BEGIN
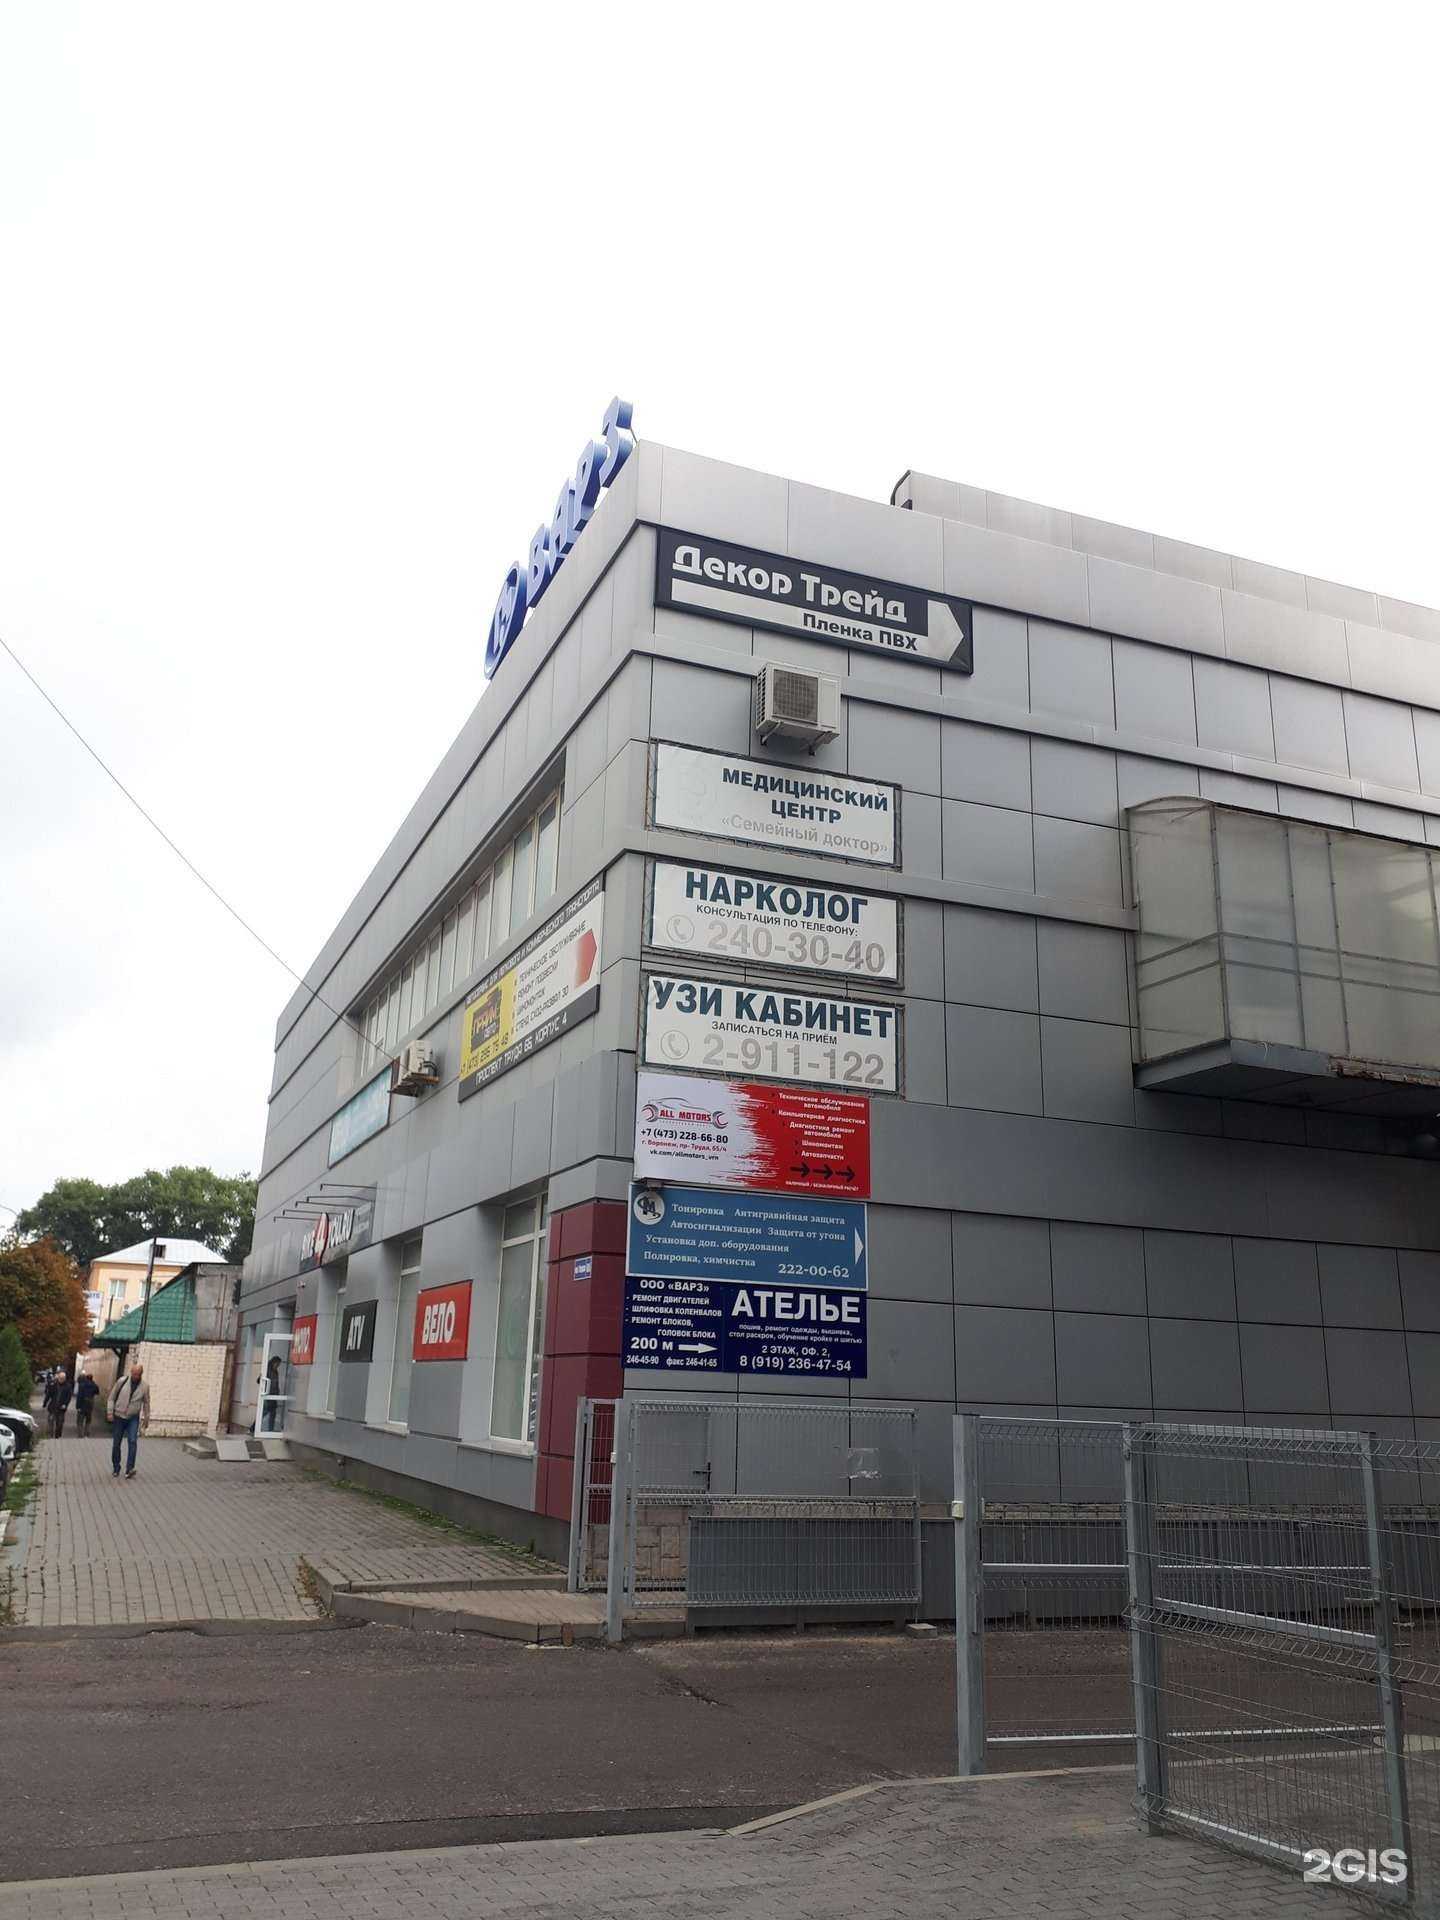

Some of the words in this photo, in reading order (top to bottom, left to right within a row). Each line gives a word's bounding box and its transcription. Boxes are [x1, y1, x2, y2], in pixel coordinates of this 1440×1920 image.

[672, 545, 792, 594] Декор
[801, 573, 906, 623] Трейд
[803, 612, 872, 641] Пленка
[880, 630, 917, 651] ПВХ
[723, 768, 888, 811] МЕДИЦИНСКИЙ
[771, 799, 841, 823] ЦЕНТР
[686, 871, 868, 924] НАРКОЛОГ
[696, 904, 780, 926] КОНСУЛЬТАЦИЯ
[783, 918, 798, 929] ПО
[801, 920, 858, 937] ТЕЛЕФОНУ:
[708, 921, 885, 973] 240-30-40
[652, 980, 721, 1017] УЗИ
[735, 991, 893, 1038] КАБИНЕТ
[711, 1020, 782, 1039] ЗАПИСАТЬСЯ
[785, 1030, 799, 1041] НА
[703, 1033, 884, 1085] 2-911-122
[660, 1109, 675, 1118] ALL
[678, 1111, 712, 1122] MOTORS
[641, 1129, 652, 1137] +7
[653, 1129, 678, 1141] (473)
[679, 1131, 728, 1144] 228-66-80
[801, 1150, 845, 1161] Автозапчасти
[672, 1203, 725, 1216] Тонировка
[735, 1208, 808, 1222] Антигравийная
[810, 1215, 845, 1226] защита
[670, 1220, 762, 1235] Автосигнализации
[767, 1227, 805, 1239] Защита
[806, 1230, 818, 1239] от
[819, 1232, 846, 1242] угона
[646, 1234, 697, 1247] Установка
[698, 1239, 720, 1250] доп.
[722, 1240, 789, 1253] оборудования
[644, 1251, 701, 1264] Полировка,
[703, 1254, 756, 1267] химчистка
[778, 1263, 850, 1278] 222-00-62
[640, 1279, 665, 1289] ООО
[668, 1281, 710, 1292] «ВАРЗ»
[632, 1294, 662, 1303] РЕМОНТ
[663, 1295, 710, 1305] ДВИГАТЕЛЕЙ
[731, 1289, 860, 1323] АТЕЛЬЕ
[632, 1306, 673, 1314] ШЛИФОВКА
[674, 1308, 722, 1317] КОЛЕНВАЛОВ
[422, 1300, 456, 1344] ВЕЛО
[631, 1316, 662, 1325] РЕМОНТ
[662, 1318, 694, 1327] БЛОКОВ,
[630, 1336, 658, 1349] 200
[657, 1329, 691, 1337] ГОЛОВОК
[692, 1330, 716, 1339] БЛОКА
[626, 1355, 659, 1365] 246-45-90
[666, 1356, 685, 1366] факс
[761, 1345, 768, 1354] 2
[770, 1345, 799, 1357] ЭТАЖ,
[801, 1347, 820, 1356] ОФ.
[822, 1348, 830, 1358] 2,
[740, 1355, 747, 1367] 8
[751, 1356, 784, 1369] (919)
[788, 1357, 852, 1372] 236-47-54
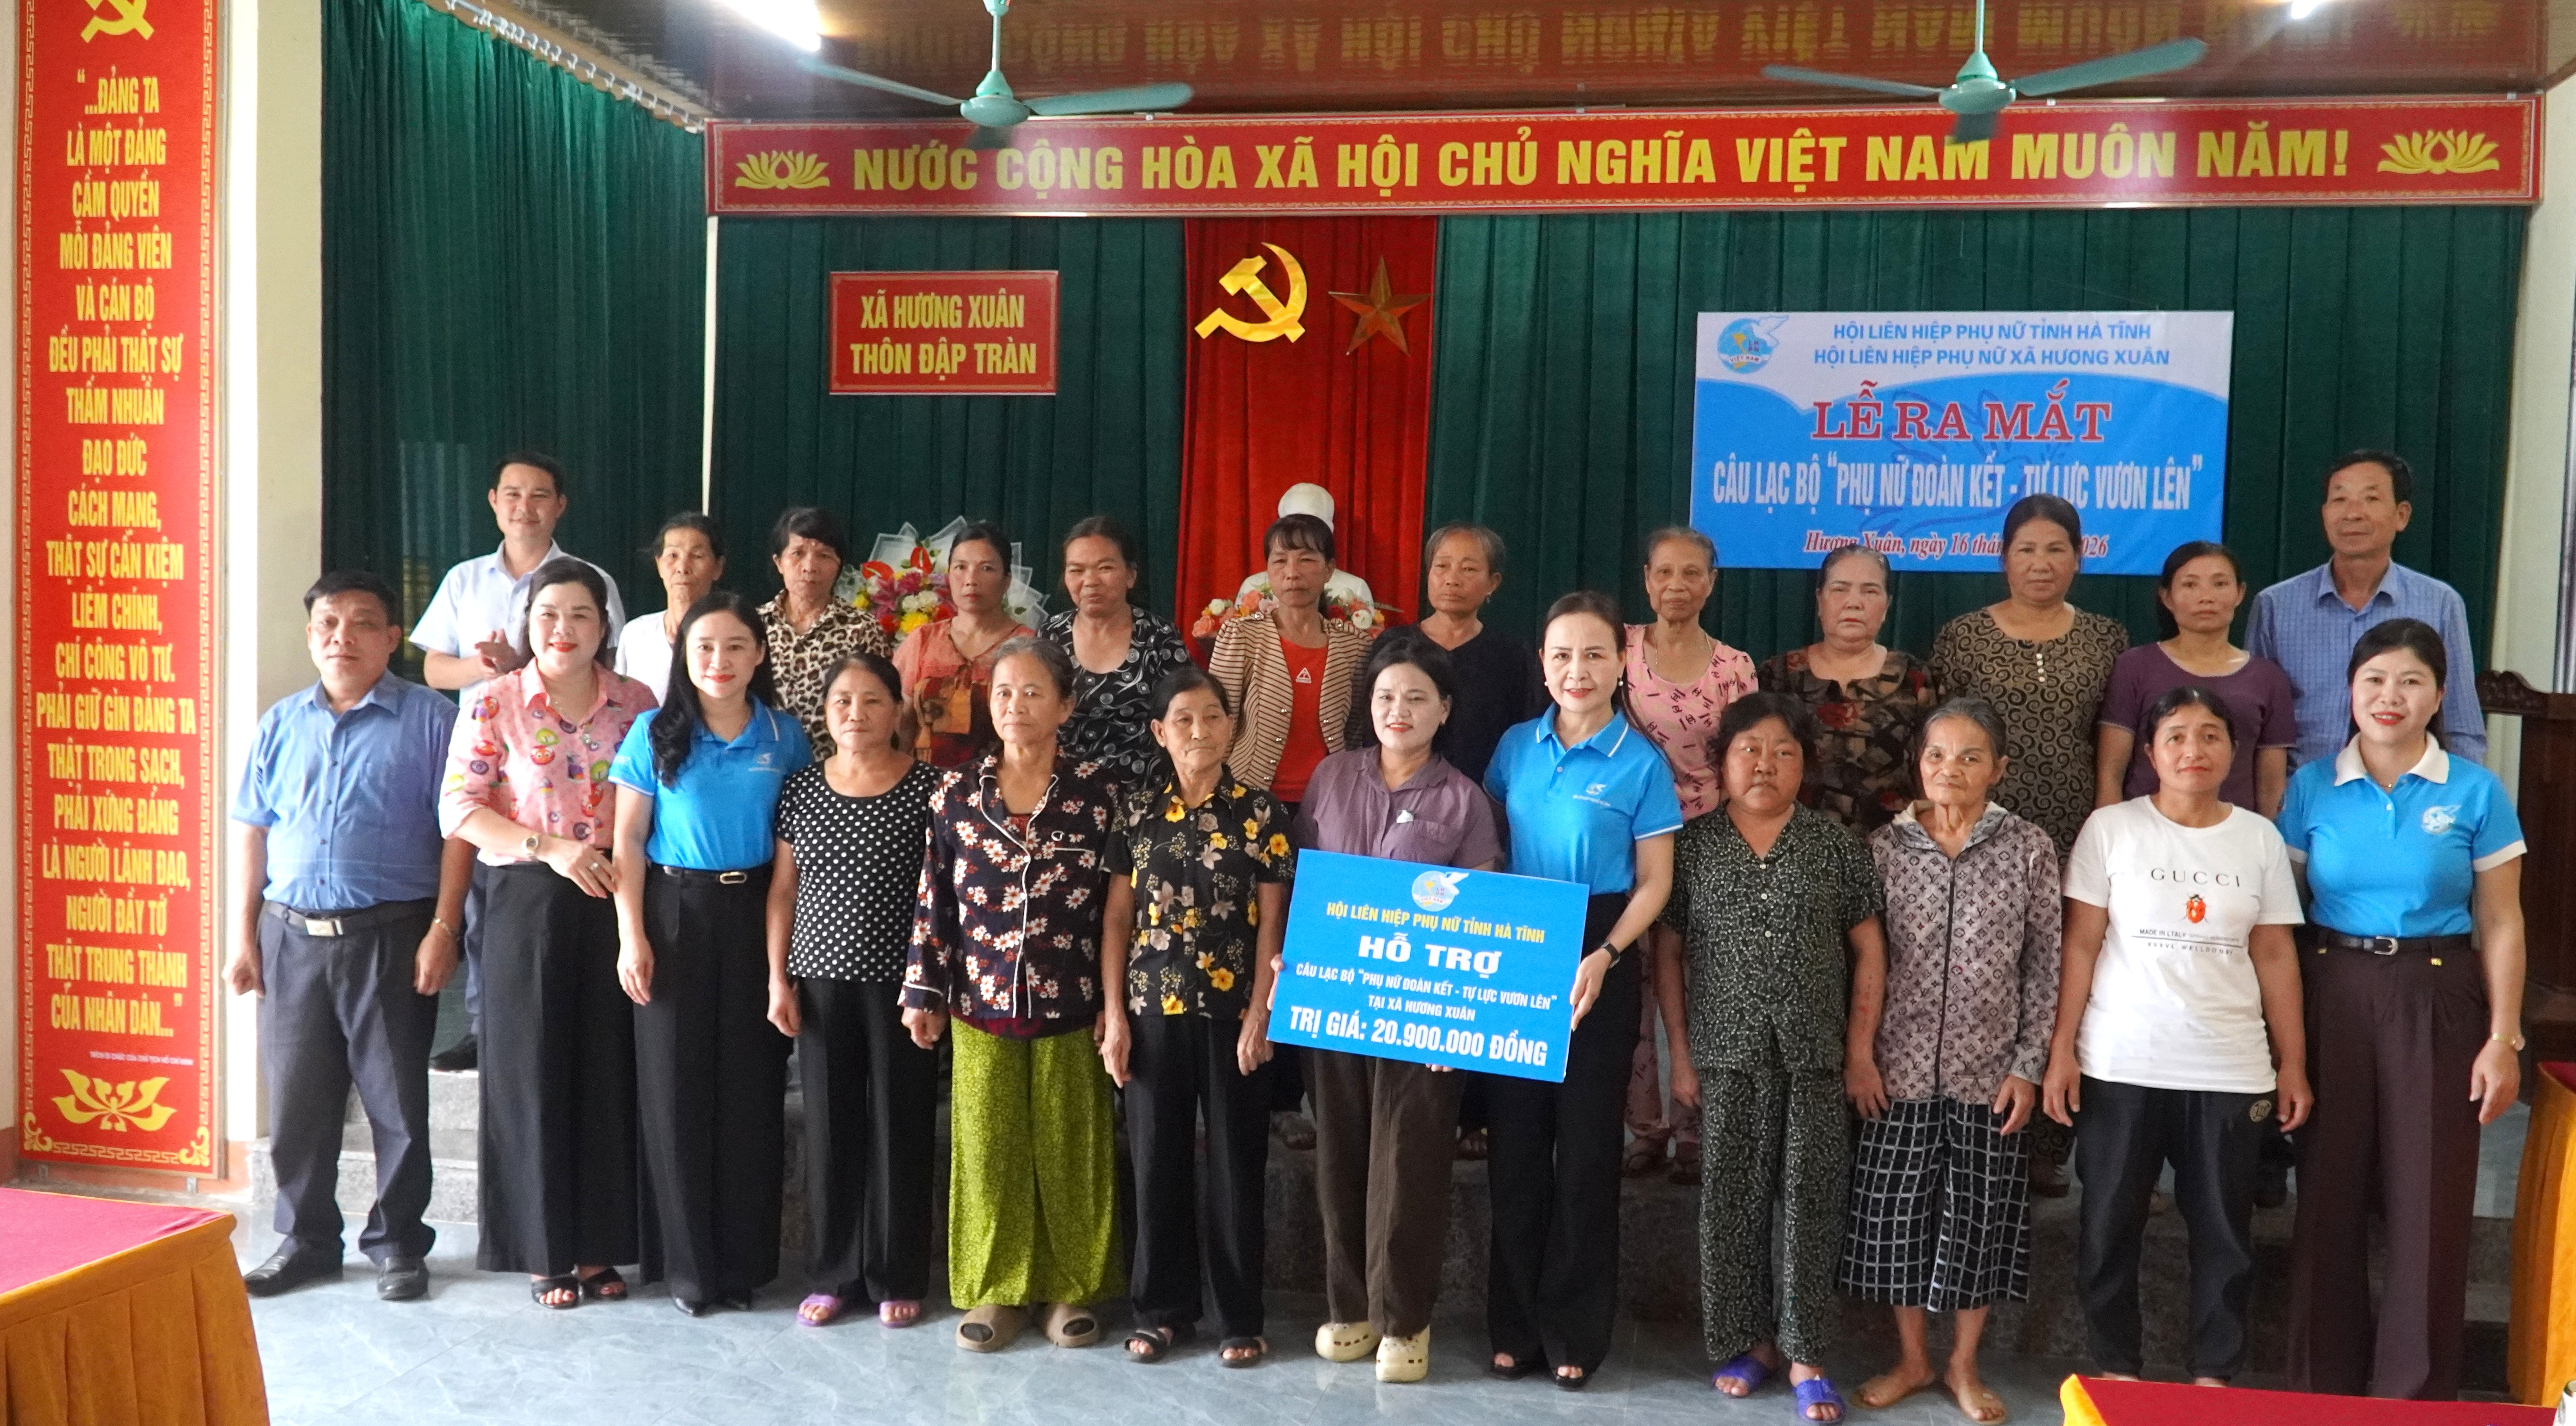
END
• **ACTIVITY**: First drop every picture, then print the data above exactly as it stands.

• **ANSWER SECTION**:
Some of the words in this photo, in reading order (top to bottom, left to right within a row). Each line gives a word's bounding box and its transcription. Boxes are [x1, y1, x2, y2], in pixel coordinates of this 1440×1920 image.

[672, 545, 792, 594] Декор
[801, 573, 906, 623] Трейд
[803, 612, 872, 641] Пленка
[880, 630, 917, 651] ПВХ
[723, 768, 888, 811] МЕДИЦИНСКИЙ
[771, 799, 841, 823] ЦЕНТР
[686, 871, 868, 924] НАРКОЛОГ
[696, 904, 780, 926] КОНСУЛЬТАЦИЯ
[783, 918, 798, 929] ПО
[801, 920, 858, 937] ТЕЛЕФОНУ:
[708, 921, 885, 973] 240-30-40
[652, 980, 721, 1017] УЗИ
[735, 991, 893, 1038] КАБИНЕТ
[711, 1020, 782, 1039] ЗАПИСАТЬСЯ
[785, 1030, 799, 1041] НА
[703, 1033, 884, 1085] 2-911-122
[660, 1109, 675, 1118] ALL
[678, 1111, 712, 1122] MOTORS
[641, 1129, 652, 1137] +7
[653, 1129, 678, 1141] (473)
[679, 1131, 728, 1144] 228-66-80
[801, 1150, 845, 1161] Автозапчасти
[672, 1203, 725, 1216] Тонировка
[735, 1208, 808, 1222] Антигравийная
[810, 1215, 845, 1226] защита
[670, 1220, 762, 1235] Автосигнализации
[767, 1227, 805, 1239] Защита
[806, 1230, 818, 1239] от
[819, 1232, 846, 1242] угона
[646, 1234, 697, 1247] Установка
[698, 1239, 720, 1250] доп.
[722, 1240, 789, 1253] оборудования
[644, 1251, 701, 1264] Полировка,
[703, 1254, 756, 1267] химчистка
[778, 1263, 850, 1278] 222-00-62
[640, 1279, 665, 1289] ООО
[668, 1281, 710, 1292] «ВАРЗ»
[632, 1294, 662, 1303] РЕМОНТ
[663, 1295, 710, 1305] ДВИГАТЕЛЕЙ
[731, 1289, 860, 1323] АТЕЛЬЕ
[632, 1306, 673, 1314] ШЛИФОВКА
[674, 1308, 722, 1317] КОЛЕНВАЛОВ
[422, 1300, 456, 1344] ВЕЛО
[631, 1316, 662, 1325] РЕМОНТ
[662, 1318, 694, 1327] БЛОКОВ,
[630, 1336, 658, 1349] 200
[657, 1329, 691, 1337] ГОЛОВОК
[692, 1330, 716, 1339] БЛОКА
[626, 1355, 659, 1365] 246-45-90
[666, 1356, 685, 1366] факс
[761, 1345, 768, 1354] 2
[770, 1345, 799, 1357] ЭТАЖ,
[801, 1347, 820, 1356] ОФ.
[822, 1348, 830, 1358] 2,
[740, 1355, 747, 1367] 8
[751, 1356, 784, 1369] (919)
[788, 1357, 852, 1372] 236-47-54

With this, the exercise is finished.